Low cholesterol levels increase mortality

Lowering serum cholesterol levels may actually increase the risk of death from stroke, recent research suggests.

This latest evidence demolishes the long held view of medicine that if lowering cholesterol can prevent coronary heart disease, it may also help prevent stroke.

The study, which took place in the acute stroke unit of an inner city general hospital, found that even after adjustment for known risk factors for stroke, higher serum cholesterol concentrations were associated with a better survival rate after stroke.

The study recommends that cholesterol lowering programmes should not be used as secondary prevention of acute stroke (BMJ, 1997, 314: 1584).

More evidence is accumulating about the poor performance of heparin in cases of stroke. The conclusions of the International Stroke Trial (IST) were that the routine early use of heparin in patients with acute ischemic stroke offers no clinical advantage for stroke patients. After 14 days of the anti thrombolitic therapy heparin was associated with more bleeding, more recurrent strokes and more deaths than low dose aspirin, heparin and aspirin combined or no treatment at all. At six months, neither heparin regimen offered any clinical advantage (Lancet, 1997, 349: 1569-81).

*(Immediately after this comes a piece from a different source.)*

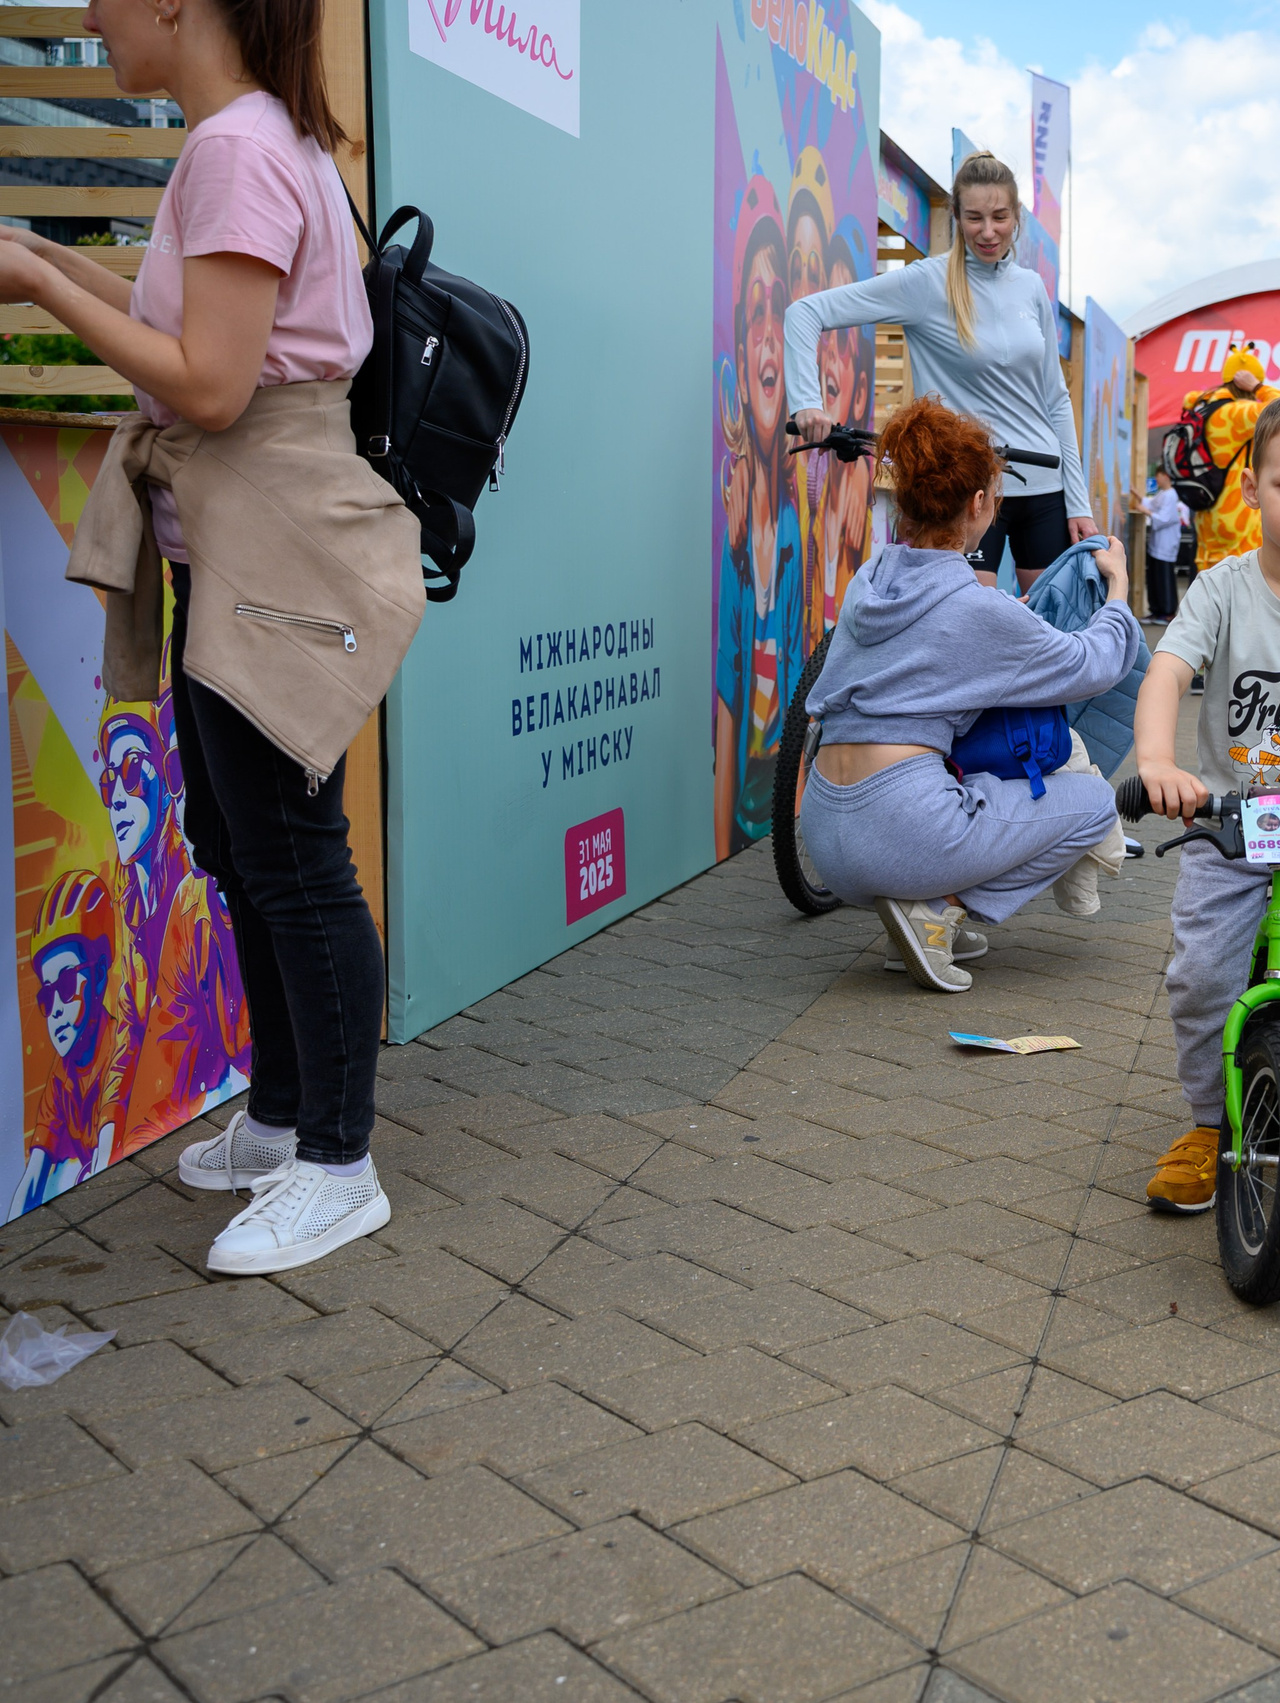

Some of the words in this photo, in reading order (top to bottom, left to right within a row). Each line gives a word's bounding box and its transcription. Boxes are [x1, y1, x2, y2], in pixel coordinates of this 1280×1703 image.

Researchers are working on production of a "super aspirin", which doesn't cause the severe gastrointestinal side effects associated with traditional aspirin. Two trials are currently underway to test the efficacy in preventing recurrent heart attacks of this new type of anti platelet, which acts as glycoprotein IIb/IIIa receptor antagonists. The main safety issue has yet to be resolved, though these super aspirins are so effective that if the patient begins to bleed severely there might be no way to stop him bleeding to death (Lancet, 1997; 349: 1409-10, 1422, 1429).

The aggressive management of patients after acute heart attack isn't doing any good, according to a new survey which compared the use of cardiac procedures and outcomes in both Canada and the US. Patients in the US receive more interventions, but do not live significantly longer (New Eng J Med, 1997; 336: 1500-5).